Source of her motivation
“Well, I grew up in a very small community and my mother and father were both very active. They always instilled in us to give back," says Norton. "We were so fortunate to have the things we had. Not that we were rich or anything like that but, whatever you had, you could share with someone. Of course, that was reinforced in the Catholic educational system I attended and the lessons stuck! It’s very enriching, really. The more you give, the more you get back.”

And what would she like members of the Honor Society of Nursing, Sigma Theta Tau International to be most aware of with regard to the upcoming DPI/NGO conference?

“We are going to focus on all the social determinants of health—not the management of disease—trying to educate people that everything we do has a health implication to it.  In addition, we will focus on the impact of political will in advancing global health," says Norton. "Sanitation and clean water, essential to promoting health, are issues that recently captured the attention of the United Nations General Assembly. On July 28, 2010, they voted to declare that access to clean water and sanitation is a human right.” RNL

James E. Mattson is editor, Reflections on Nursing Leadership.

    United Nations’ Millennium Development Goals (MDGs)

    Goal 1: Eradicate extreme hunger and poverty

    • By 2015, reduce by half (compared to 1990) the proportion of people whose income is less than $1 per day.
    • Achieve full and productive employment and decent work for all, including women and young people.
    • By 2015, reduce by half (compared to 1990) the proportion of people who suffer from hunger.

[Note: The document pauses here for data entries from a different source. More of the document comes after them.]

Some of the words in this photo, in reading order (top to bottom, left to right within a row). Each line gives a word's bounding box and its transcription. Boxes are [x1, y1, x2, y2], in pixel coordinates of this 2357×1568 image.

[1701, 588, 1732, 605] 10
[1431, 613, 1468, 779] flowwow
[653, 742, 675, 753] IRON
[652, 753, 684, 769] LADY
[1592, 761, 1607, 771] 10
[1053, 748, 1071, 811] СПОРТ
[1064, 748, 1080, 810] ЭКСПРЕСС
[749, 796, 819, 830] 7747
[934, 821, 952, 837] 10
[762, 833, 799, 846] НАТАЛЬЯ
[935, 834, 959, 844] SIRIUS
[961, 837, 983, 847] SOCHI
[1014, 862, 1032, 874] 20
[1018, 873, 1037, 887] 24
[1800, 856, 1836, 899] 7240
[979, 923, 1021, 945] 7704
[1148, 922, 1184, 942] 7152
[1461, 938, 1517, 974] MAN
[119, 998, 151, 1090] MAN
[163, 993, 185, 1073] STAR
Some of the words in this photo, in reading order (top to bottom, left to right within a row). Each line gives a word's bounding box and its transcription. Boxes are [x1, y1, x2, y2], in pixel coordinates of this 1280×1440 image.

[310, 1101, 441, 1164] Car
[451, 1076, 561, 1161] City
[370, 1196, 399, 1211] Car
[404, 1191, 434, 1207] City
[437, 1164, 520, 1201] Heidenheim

    Goal 2: Achieve universal primary education

    • Ensure that, by 2015, children everywhere, boys and girls alike, will be able to complete a full course of primary schooling.

    Goal 3: Promote gender equality and empower women

    • Eliminate gender disparity in primary and secondary education, preferably by 2005, and in all levels of education by 2015.

    Goal 4: Reduce child mortality

    • By 2015, reduce by two-third (compared to 1990), the under-five mortality rate.

    Goal 5: Improve maternal health

    • Reduce by three-fourths the maternal mortality ratio.
    • Achieve universal access to reproductive health.

    Goal 6: Combat HIV/AIDS, malaria and other diseases.

    • By 2015, halt and begin to reverse the spread of HIV/AIDS.
    • By 2010, achieve universal access to treatment for HIV/AIDS for all who need it.
    • By 2015, halt and begin to reverse the incidence of malaria and other major diseases.

    Goal 7: Ensure environmental sustainability

    • Integrate principles of sustainable development into country politics and programs, and reverse the loss of environmental resources.
    • Reduce biodiversity loss and, by 2010, achieve significant reduce in the rate of loss.
    • By 2015, reduce by one-half the proportion of the population without sustainable access to safe drinking water and basic sanitation.
    • By 2020, achieve significant improvement in the lives of at least 100 million slum dwellers.

    Goal 8: Develop a global partnership for development

    • Address the special needs of least developed countries, landlocked countries and small-island developing states.
    • Develop further an open, rule-based, predictable, non-discriminatory trading and financial system.
    • Deal comprehensively with developing countries’ debt.
    • In cooperation with the private sector, make available benefits of new technologies, especially information and communications.